* **Work order**
Strip out the pictures and output each remaining line of the data word for word.

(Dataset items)
════════════════

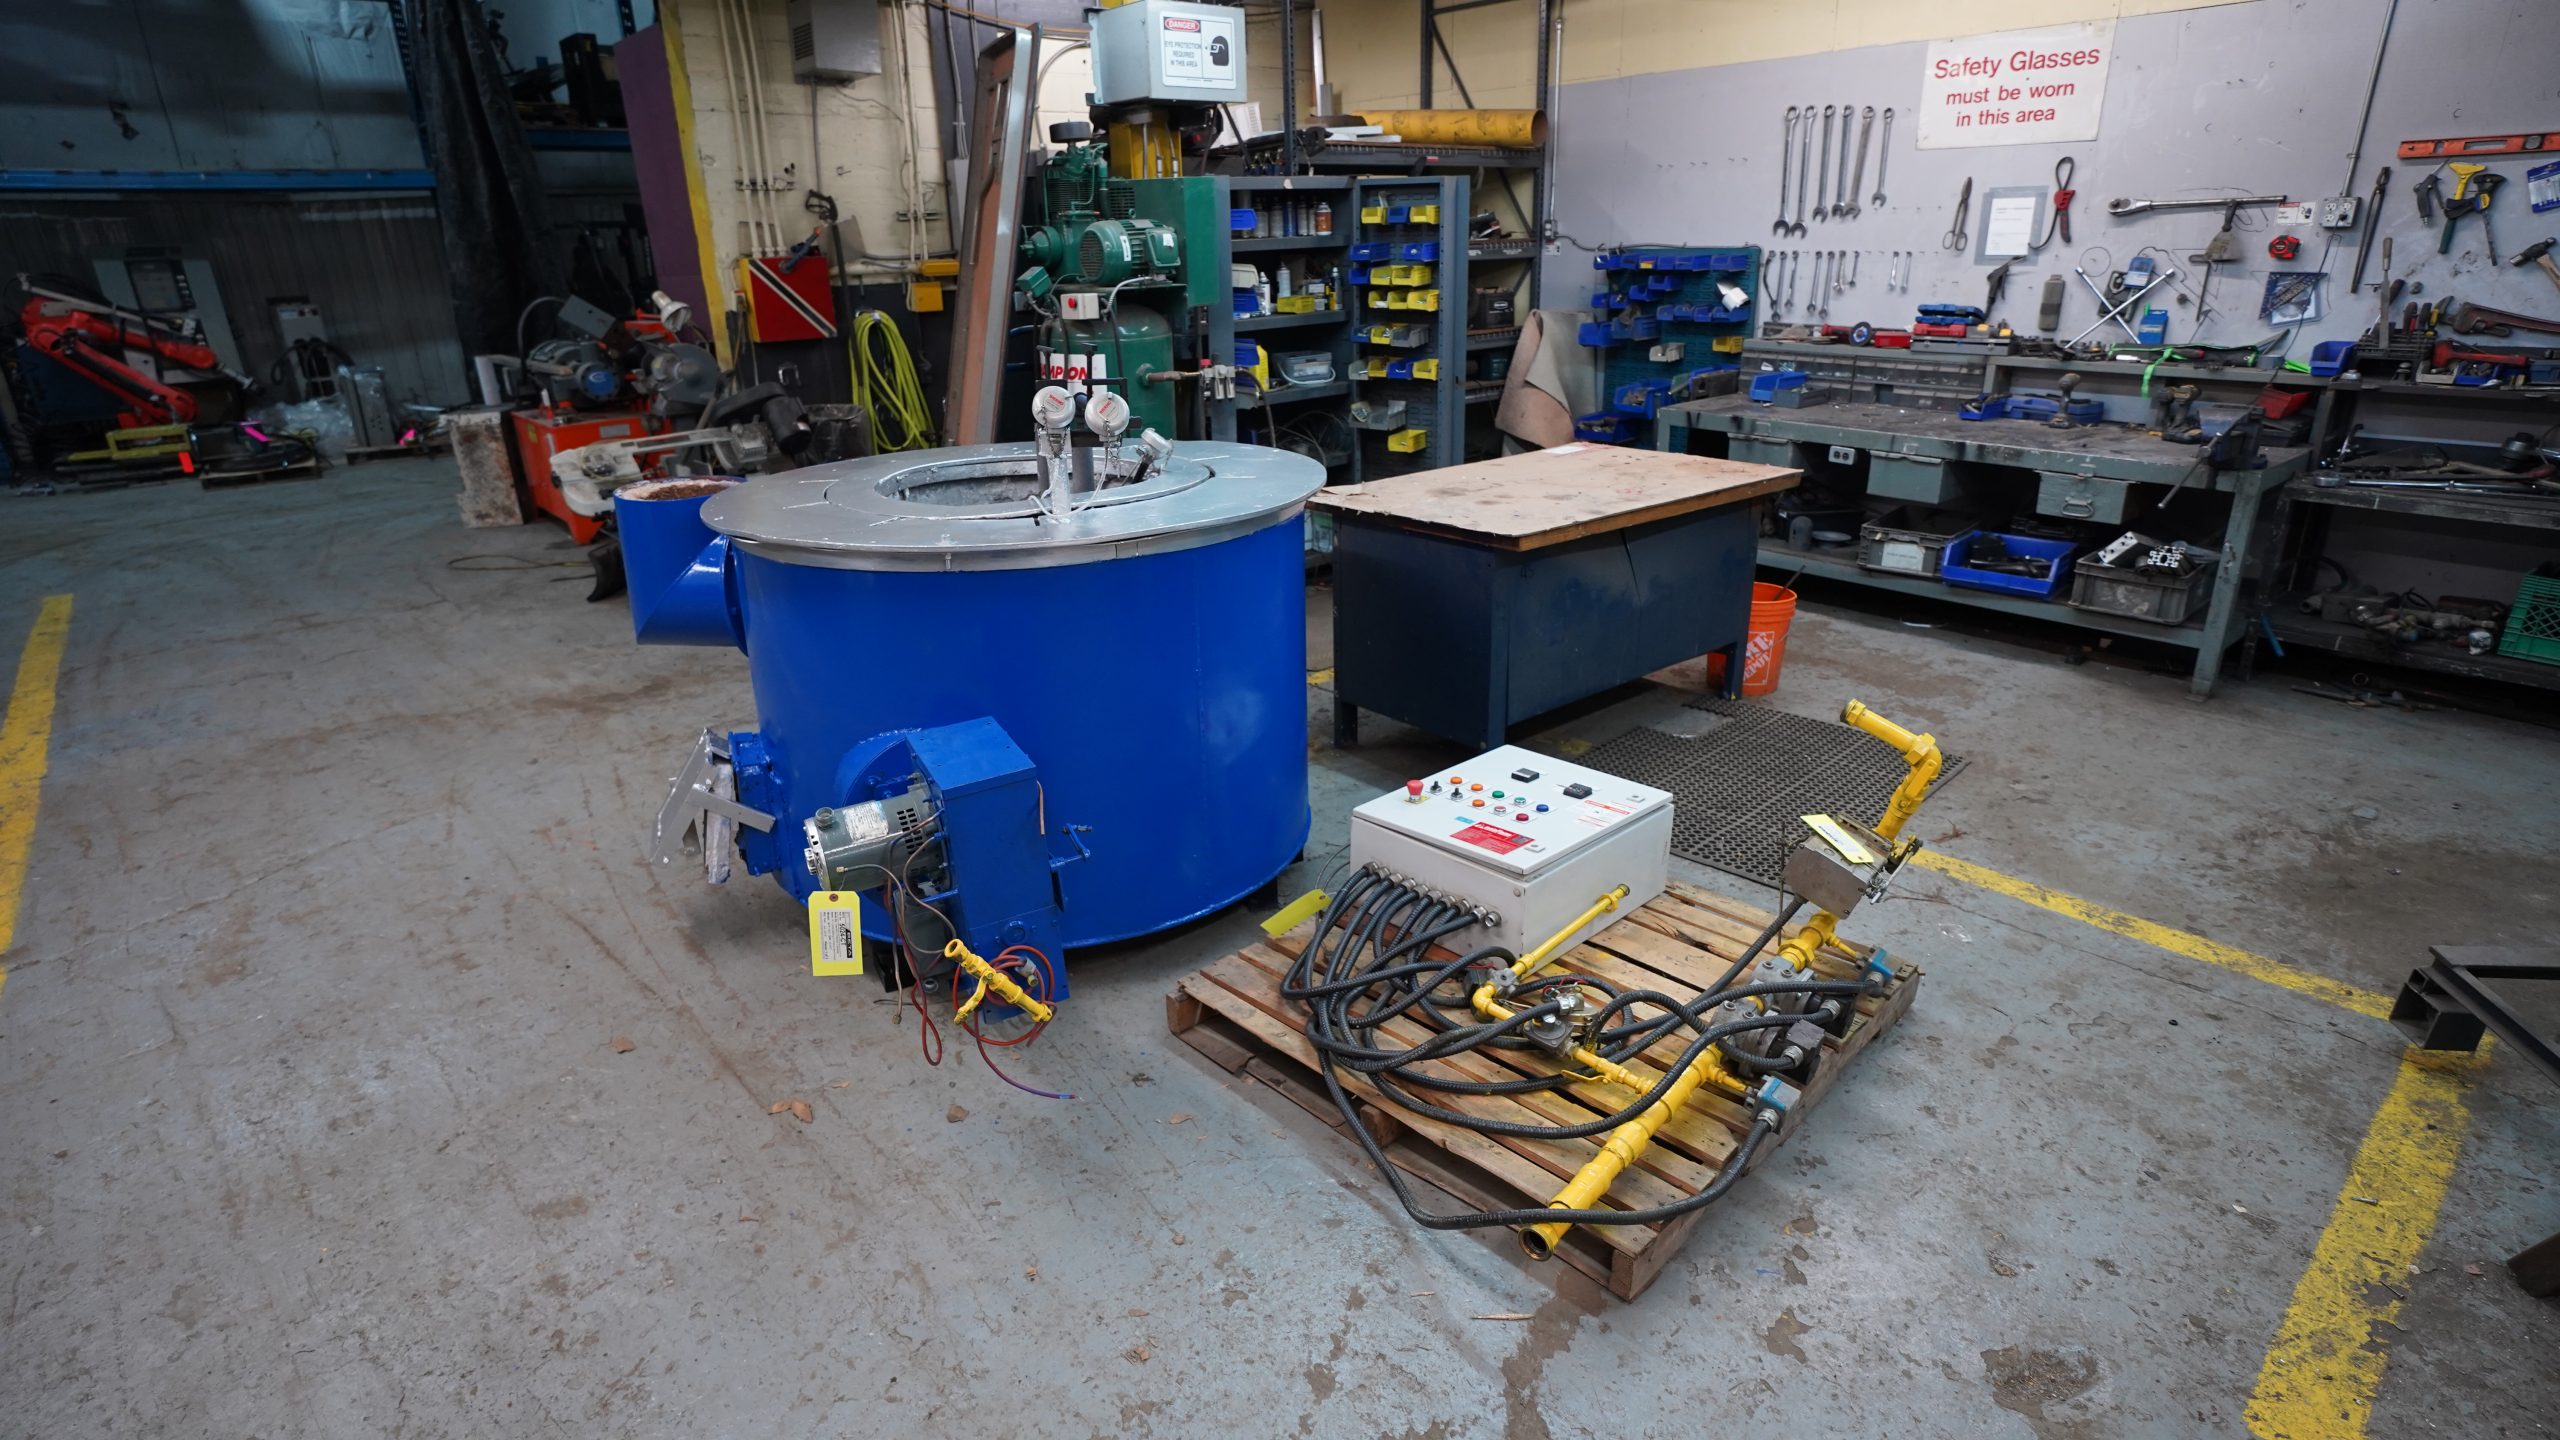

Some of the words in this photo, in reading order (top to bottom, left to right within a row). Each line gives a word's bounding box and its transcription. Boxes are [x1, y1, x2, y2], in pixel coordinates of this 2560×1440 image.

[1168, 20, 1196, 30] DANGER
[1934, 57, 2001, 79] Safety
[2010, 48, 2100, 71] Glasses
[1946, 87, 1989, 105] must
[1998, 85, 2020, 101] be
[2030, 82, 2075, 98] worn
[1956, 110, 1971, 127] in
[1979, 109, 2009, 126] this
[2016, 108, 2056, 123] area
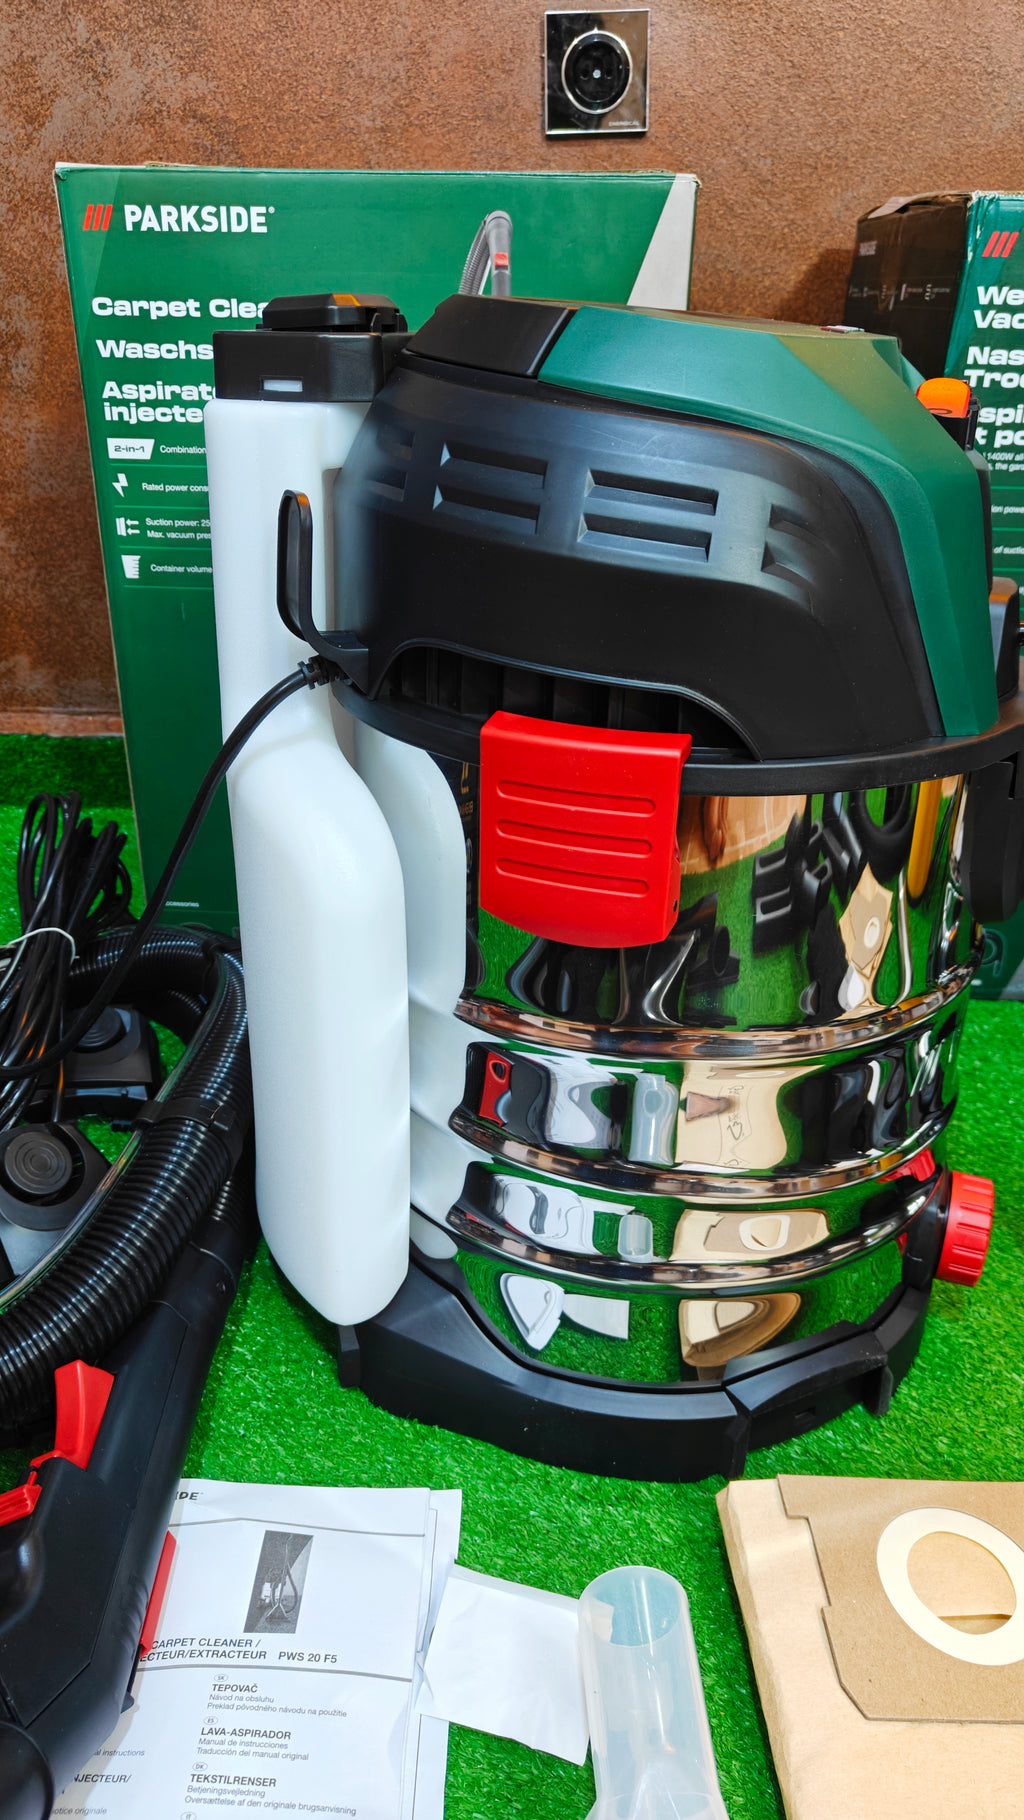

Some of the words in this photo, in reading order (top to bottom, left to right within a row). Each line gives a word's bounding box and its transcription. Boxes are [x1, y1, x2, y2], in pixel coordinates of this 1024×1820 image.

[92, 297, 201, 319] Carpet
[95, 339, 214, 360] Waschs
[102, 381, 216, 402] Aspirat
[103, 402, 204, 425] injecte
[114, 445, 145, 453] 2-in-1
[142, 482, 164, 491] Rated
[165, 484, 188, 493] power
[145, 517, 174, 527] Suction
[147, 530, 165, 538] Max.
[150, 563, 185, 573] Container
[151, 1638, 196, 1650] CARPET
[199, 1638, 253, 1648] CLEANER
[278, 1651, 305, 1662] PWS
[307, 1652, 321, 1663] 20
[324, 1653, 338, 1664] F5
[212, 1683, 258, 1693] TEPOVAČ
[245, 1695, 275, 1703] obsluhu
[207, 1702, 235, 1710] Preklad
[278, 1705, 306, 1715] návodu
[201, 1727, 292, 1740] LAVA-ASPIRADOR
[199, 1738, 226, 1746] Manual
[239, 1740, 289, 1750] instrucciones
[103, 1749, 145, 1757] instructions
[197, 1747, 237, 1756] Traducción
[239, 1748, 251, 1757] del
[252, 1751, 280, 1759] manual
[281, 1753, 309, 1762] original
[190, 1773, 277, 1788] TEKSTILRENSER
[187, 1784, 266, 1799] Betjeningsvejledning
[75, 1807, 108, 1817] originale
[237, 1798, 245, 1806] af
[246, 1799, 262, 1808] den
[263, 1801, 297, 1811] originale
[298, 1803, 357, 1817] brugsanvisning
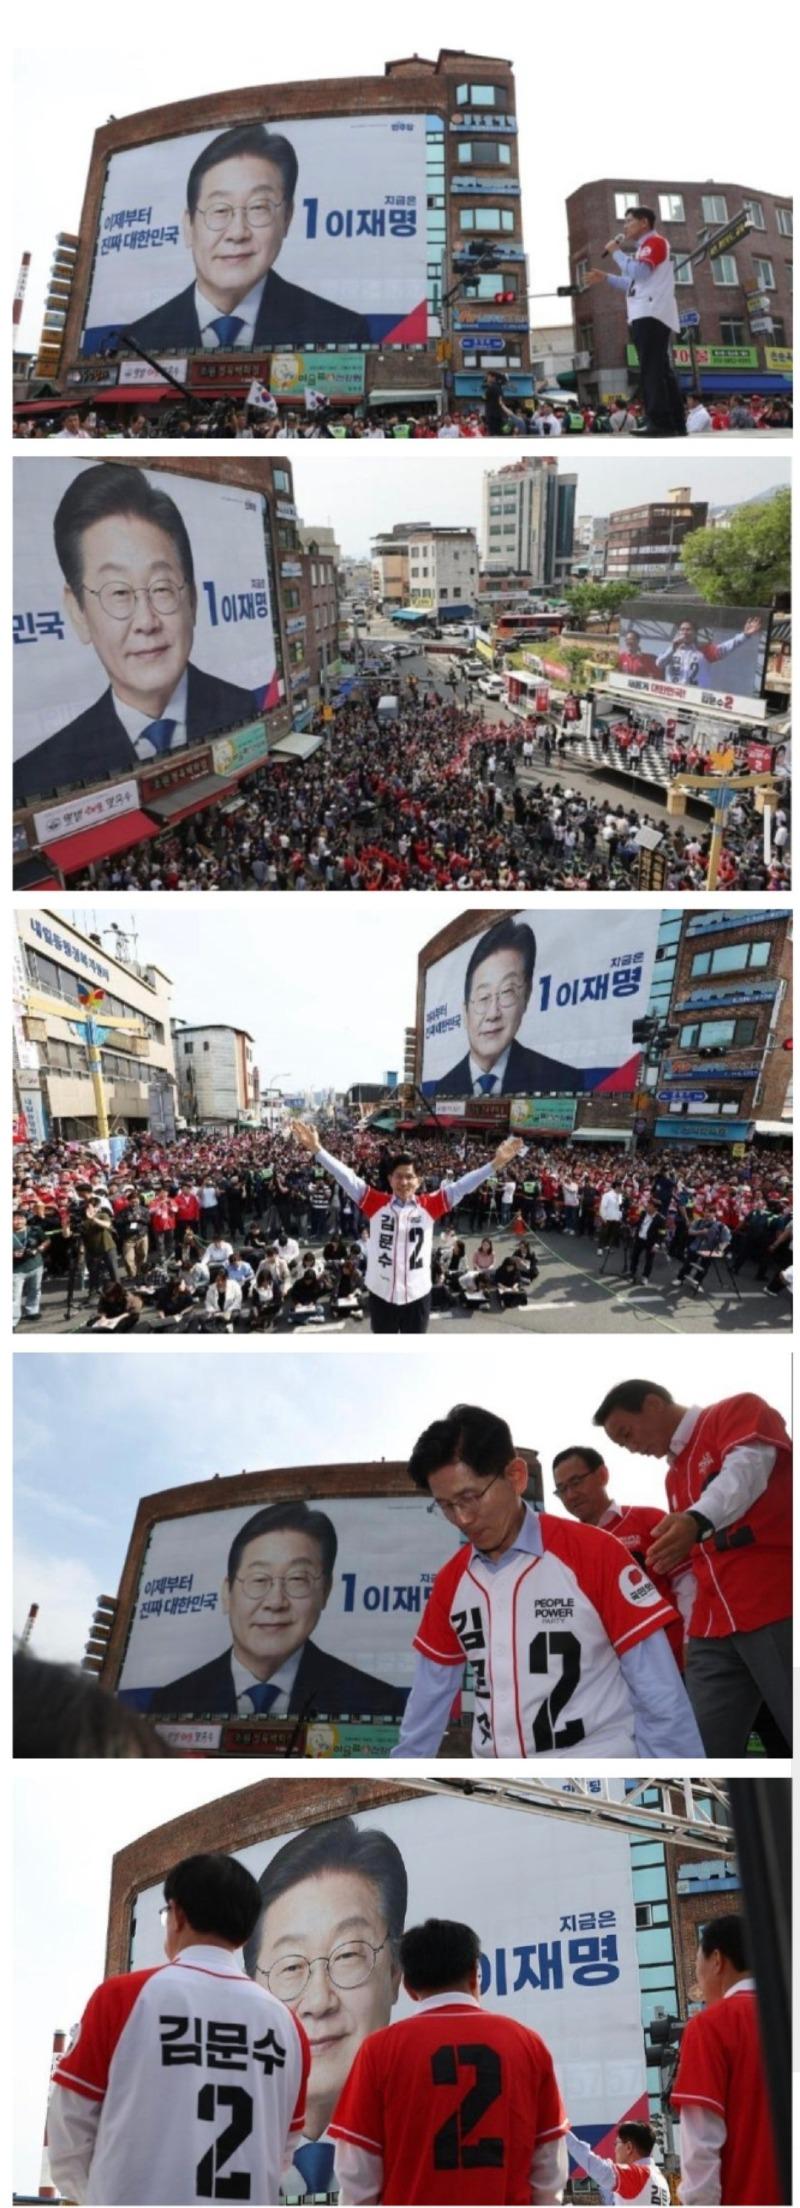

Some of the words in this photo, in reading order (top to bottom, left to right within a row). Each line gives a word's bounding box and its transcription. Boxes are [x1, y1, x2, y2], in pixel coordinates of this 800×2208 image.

════════════════

* **Expected output**
Some of the words in this photo, in reading order (top to bottom, left to right within a row). Each line gives a word's bounding box and its transcription. Boxes are [x1, y1, x2, y2], in pixel coordinates of this 2560×1440 image.

[1168, 20, 1196, 30] DANGER
[1934, 57, 2001, 79] Safety
[2010, 48, 2100, 71] Glasses
[1946, 87, 1989, 105] must
[1998, 85, 2020, 101] be
[2030, 82, 2075, 98] worn
[1956, 110, 1971, 127] in
[1979, 109, 2009, 126] this
[2016, 108, 2056, 123] area

Some of the words in this photo, in reading order (top to bottom, left to right within a row). Each line gives a word's bounding box and its transcription. Boxes are [x1, y1, x2, y2], in pixel coordinates of this 1024×1820 image.

[92, 297, 201, 319] Carpet
[95, 339, 214, 360] Waschs
[102, 381, 216, 402] Aspirat
[103, 402, 204, 425] injecte
[114, 445, 145, 453] 2-in-1
[142, 482, 164, 491] Rated
[165, 484, 188, 493] power
[145, 517, 174, 527] Suction
[147, 530, 165, 538] Max.
[150, 563, 185, 573] Container
[151, 1638, 196, 1650] CARPET
[199, 1638, 253, 1648] CLEANER
[278, 1651, 305, 1662] PWS
[307, 1652, 321, 1663] 20
[324, 1653, 338, 1664] F5
[212, 1683, 258, 1693] TEPOVAČ
[245, 1695, 275, 1703] obsluhu
[207, 1702, 235, 1710] Preklad
[278, 1705, 306, 1715] návodu
[201, 1727, 292, 1740] LAVA-ASPIRADOR
[199, 1738, 226, 1746] Manual
[239, 1740, 289, 1750] instrucciones
[103, 1749, 145, 1757] instructions
[197, 1747, 237, 1756] Traducción
[239, 1748, 251, 1757] del
[252, 1751, 280, 1759] manual
[281, 1753, 309, 1762] original
[190, 1773, 277, 1788] TEKSTILRENSER
[187, 1784, 266, 1799] Betjeningsvejledning
[75, 1807, 108, 1817] originale
[237, 1798, 245, 1806] af
[246, 1799, 262, 1808] den
[263, 1801, 297, 1811] originale
[298, 1803, 357, 1817] brugsanvisning

Some of the words in this photo, in reading order (top to bottom, left to right within a row). Each line gives a word's bounding box and its transcription. Boxes are [x1, y1, x2, y2], in pixel coordinates of this 800×2208 image.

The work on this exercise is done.